START SUPPLIED DATA

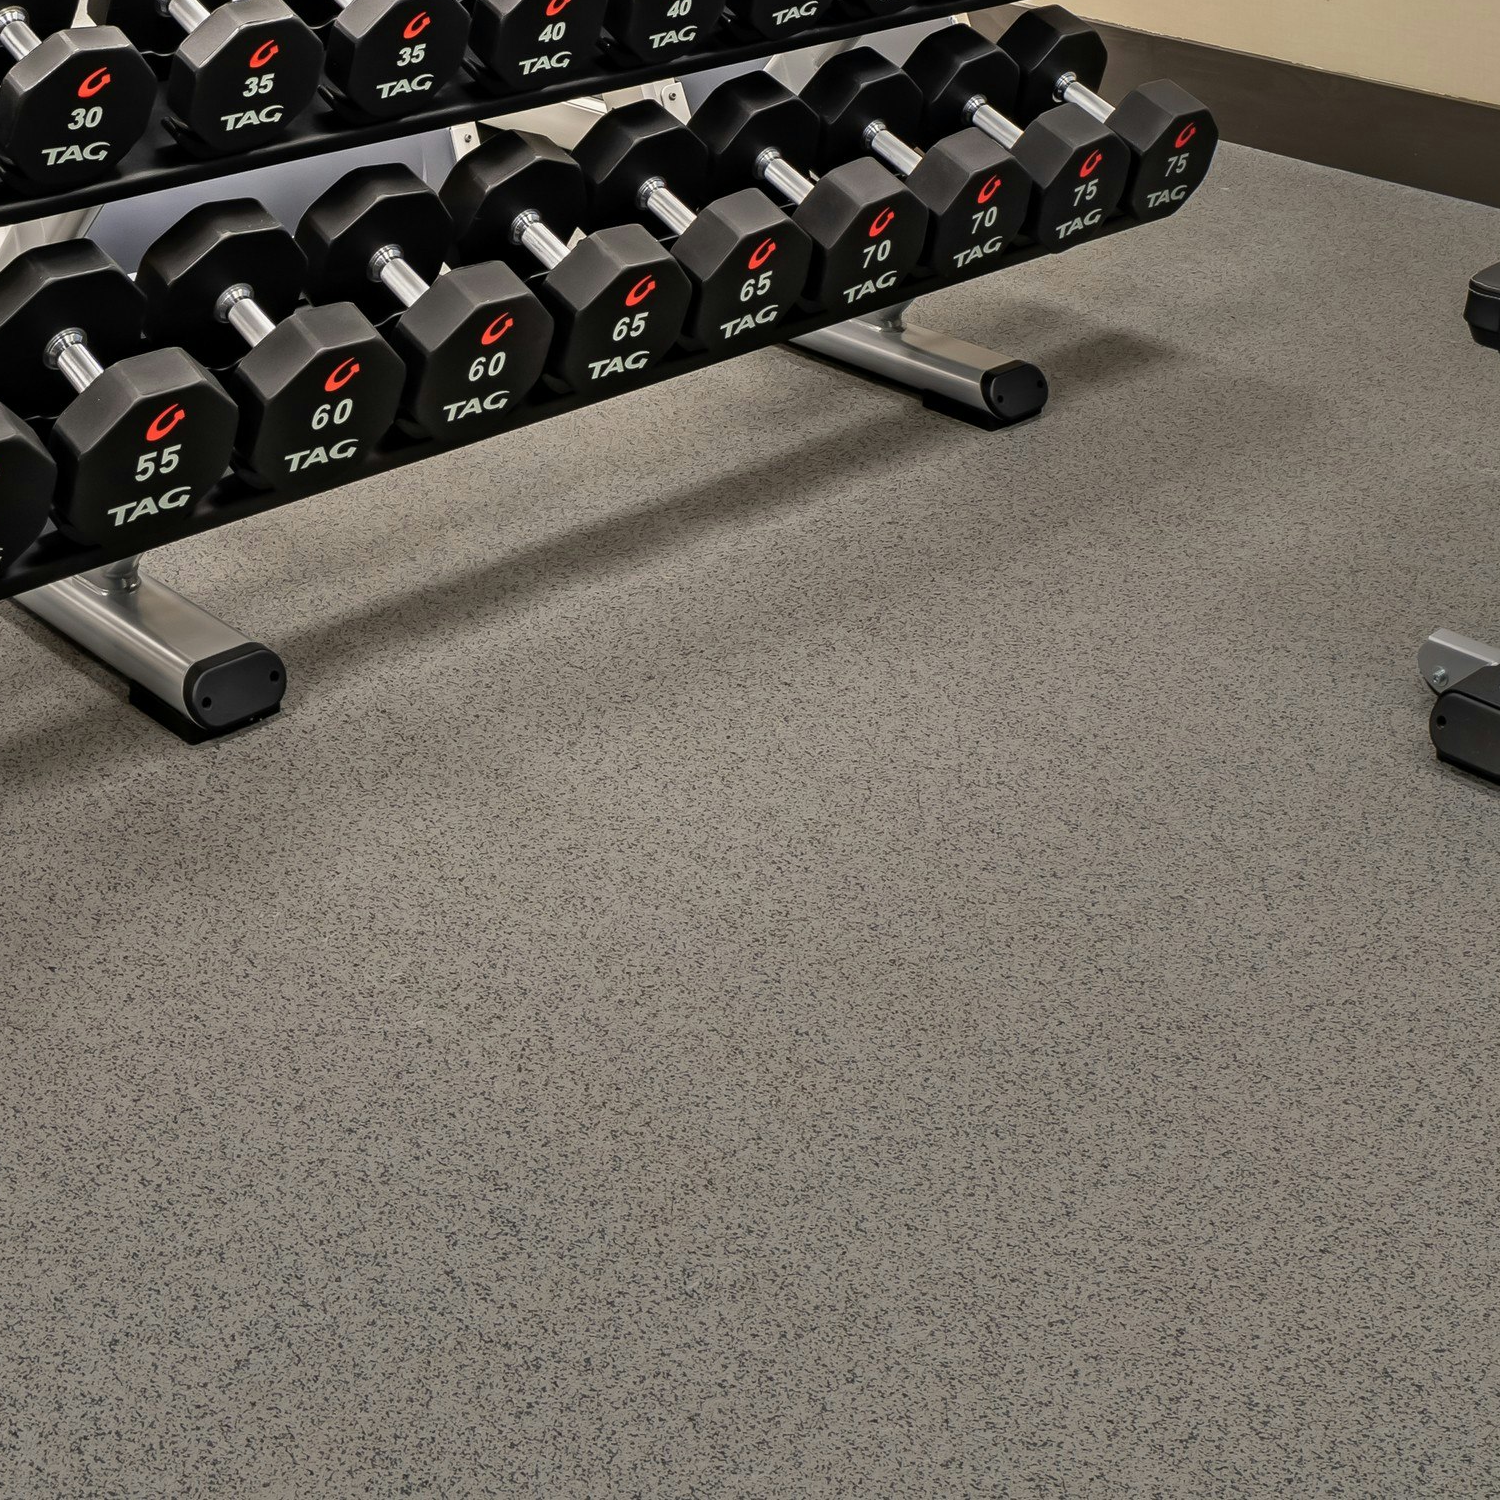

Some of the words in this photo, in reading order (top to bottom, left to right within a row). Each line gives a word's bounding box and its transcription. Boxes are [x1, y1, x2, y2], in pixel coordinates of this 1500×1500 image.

[773, 1, 818, 25] TAG
[539, 22, 565, 42] 40
[649, 26, 697, 48] TAG
[397, 44, 426, 66] 35
[519, 51, 571, 75] TAG
[243, 73, 274, 97] 35
[377, 74, 433, 98] TAG
[68, 107, 102, 129] 30
[221, 105, 283, 130] TAG
[42, 142, 110, 165] TAG
[1165, 153, 1189, 176] 75
[1074, 179, 1098, 206] 75
[1147, 185, 1189, 209] TAG
[972, 207, 997, 234] 70
[1056, 209, 1102, 239] TAG
[863, 240, 890, 268] 70
[954, 236, 1002, 267] TAG
[740, 271, 772, 301] 65
[843, 271, 897, 303] TAG
[613, 312, 648, 341] 65
[720, 305, 778, 338] TAG
[469, 352, 505, 381] 60
[588, 351, 649, 379] TAG
[312, 399, 352, 429] 60
[443, 391, 509, 421] TAG
[135, 444, 181, 481] 55
[285, 439, 358, 472] TAG
[108, 487, 191, 526] TAG
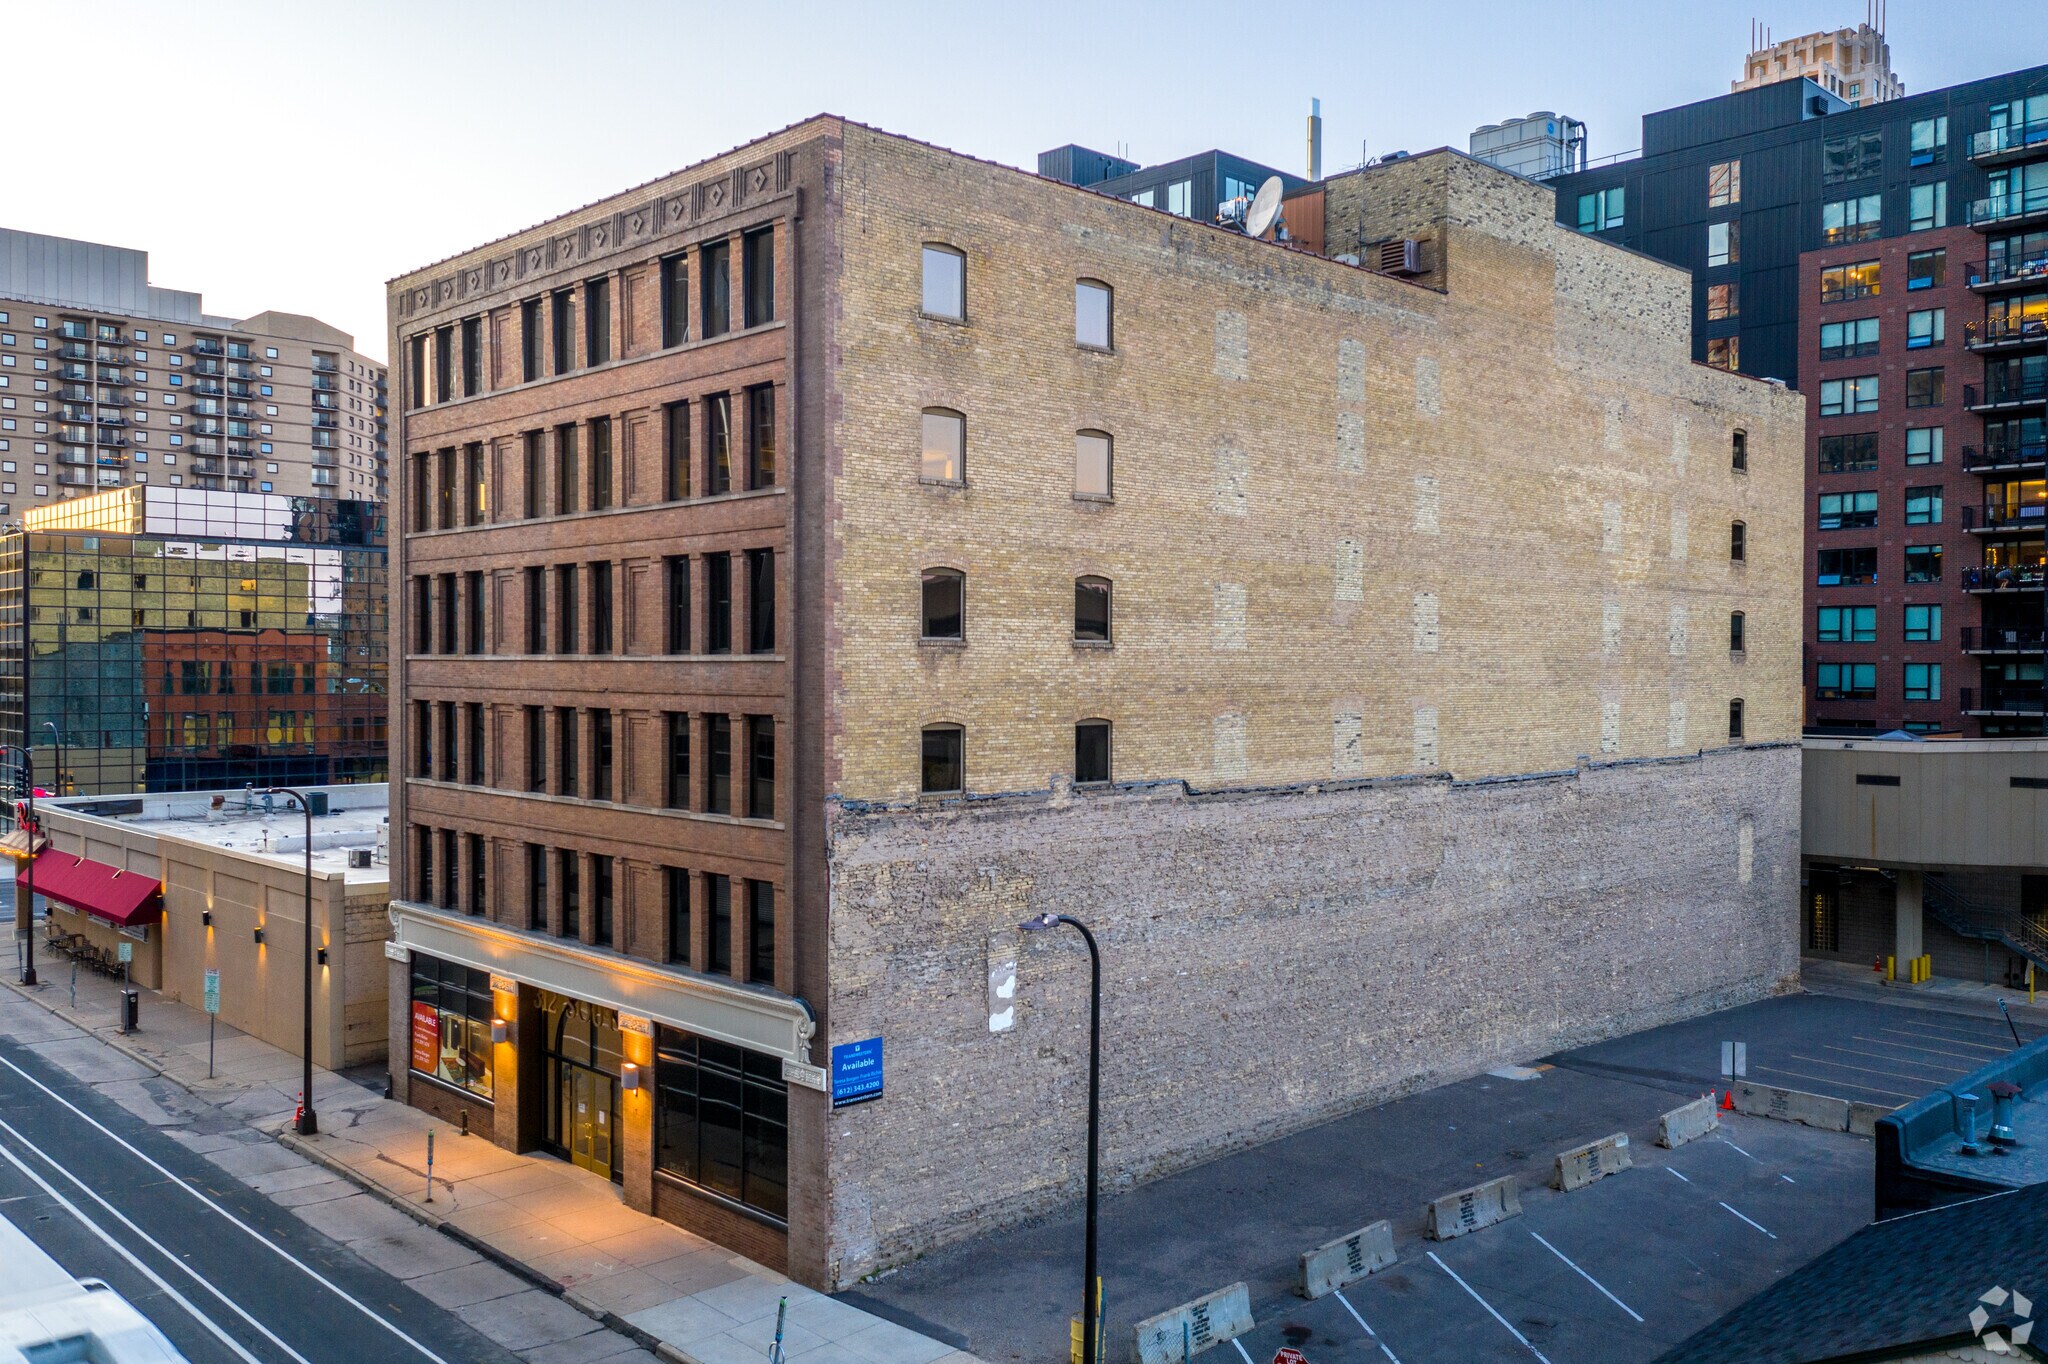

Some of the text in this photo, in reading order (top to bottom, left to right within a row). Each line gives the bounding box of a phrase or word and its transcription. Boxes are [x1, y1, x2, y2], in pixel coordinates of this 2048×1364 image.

[415, 1012, 436, 1027] AVAILABLE
[841, 1058, 875, 1071] Available
[836, 1086, 853, 1096] (612)
[1280, 1350, 1303, 1362] PRIVATE
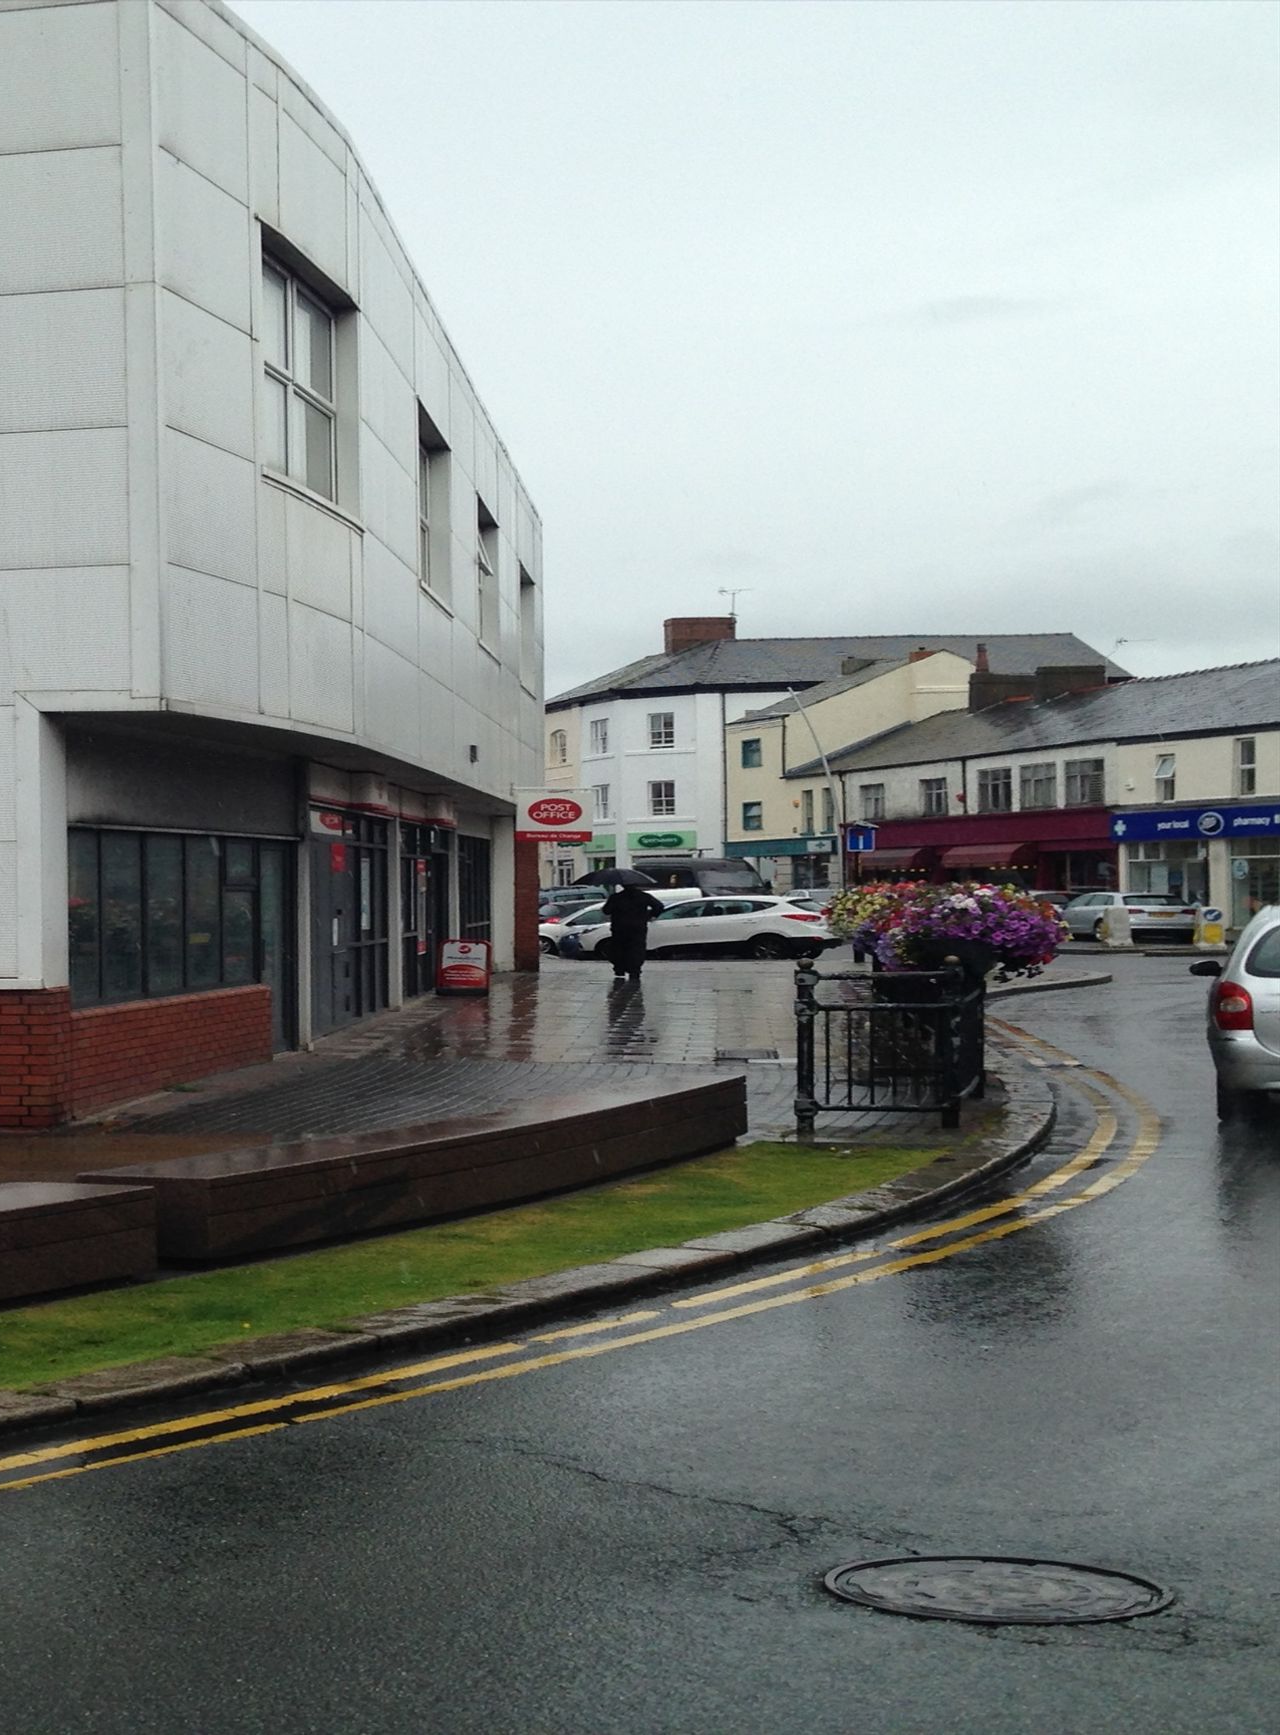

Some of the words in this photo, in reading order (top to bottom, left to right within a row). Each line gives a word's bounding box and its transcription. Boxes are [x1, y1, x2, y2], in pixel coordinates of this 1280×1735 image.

[540, 803, 573, 811] POST
[532, 811, 577, 819] OFFICE
[1157, 822, 1172, 831] your
[1233, 817, 1270, 826] pharmacy

END SUPPLIED DATA

[TASK PROMPT]:
In the transcription, every picture is to be excluded and the records above given again exactly.

[RESULT OF THIS EXERCISE]:
Some of the words in this photo, in reading order (top to bottom, left to right within a row). Each line gives a word's bounding box and its transcription. Boxes are [x1, y1, x2, y2], in pixel coordinates of this 1500×1500 image.

[773, 1, 818, 25] TAG
[539, 22, 565, 42] 40
[649, 26, 697, 48] TAG
[397, 44, 426, 66] 35
[519, 51, 571, 75] TAG
[243, 73, 274, 97] 35
[377, 74, 433, 98] TAG
[68, 107, 102, 129] 30
[221, 105, 283, 130] TAG
[42, 142, 110, 165] TAG
[1165, 153, 1189, 176] 75
[1074, 179, 1098, 206] 75
[1147, 185, 1189, 209] TAG
[972, 207, 997, 234] 70
[1056, 209, 1102, 239] TAG
[863, 240, 890, 268] 70
[954, 236, 1002, 267] TAG
[740, 271, 772, 301] 65
[843, 271, 897, 303] TAG
[613, 312, 648, 341] 65
[720, 305, 778, 338] TAG
[469, 352, 505, 381] 60
[588, 351, 649, 379] TAG
[312, 399, 352, 429] 60
[443, 391, 509, 421] TAG
[135, 444, 181, 481] 55
[285, 439, 358, 472] TAG
[108, 487, 191, 526] TAG

Some of the text in this photo, in reading order (top to bottom, left to right within a row). Each line gives the bounding box of a phrase or word and its transcription. Boxes are [x1, y1, x2, y2], in pixel coordinates of this 2048×1364 image.

[415, 1012, 436, 1027] AVAILABLE
[841, 1058, 875, 1071] Available
[836, 1086, 853, 1096] (612)
[1280, 1350, 1303, 1362] PRIVATE

Some of the words in this photo, in reading order (top to bottom, left to right within a row). Each line gives a word's bounding box and its transcription. Boxes are [x1, y1, x2, y2], in pixel coordinates of this 1280×1735 image.

[540, 803, 573, 811] POST
[532, 811, 577, 819] OFFICE
[1157, 822, 1172, 831] your
[1233, 817, 1270, 826] pharmacy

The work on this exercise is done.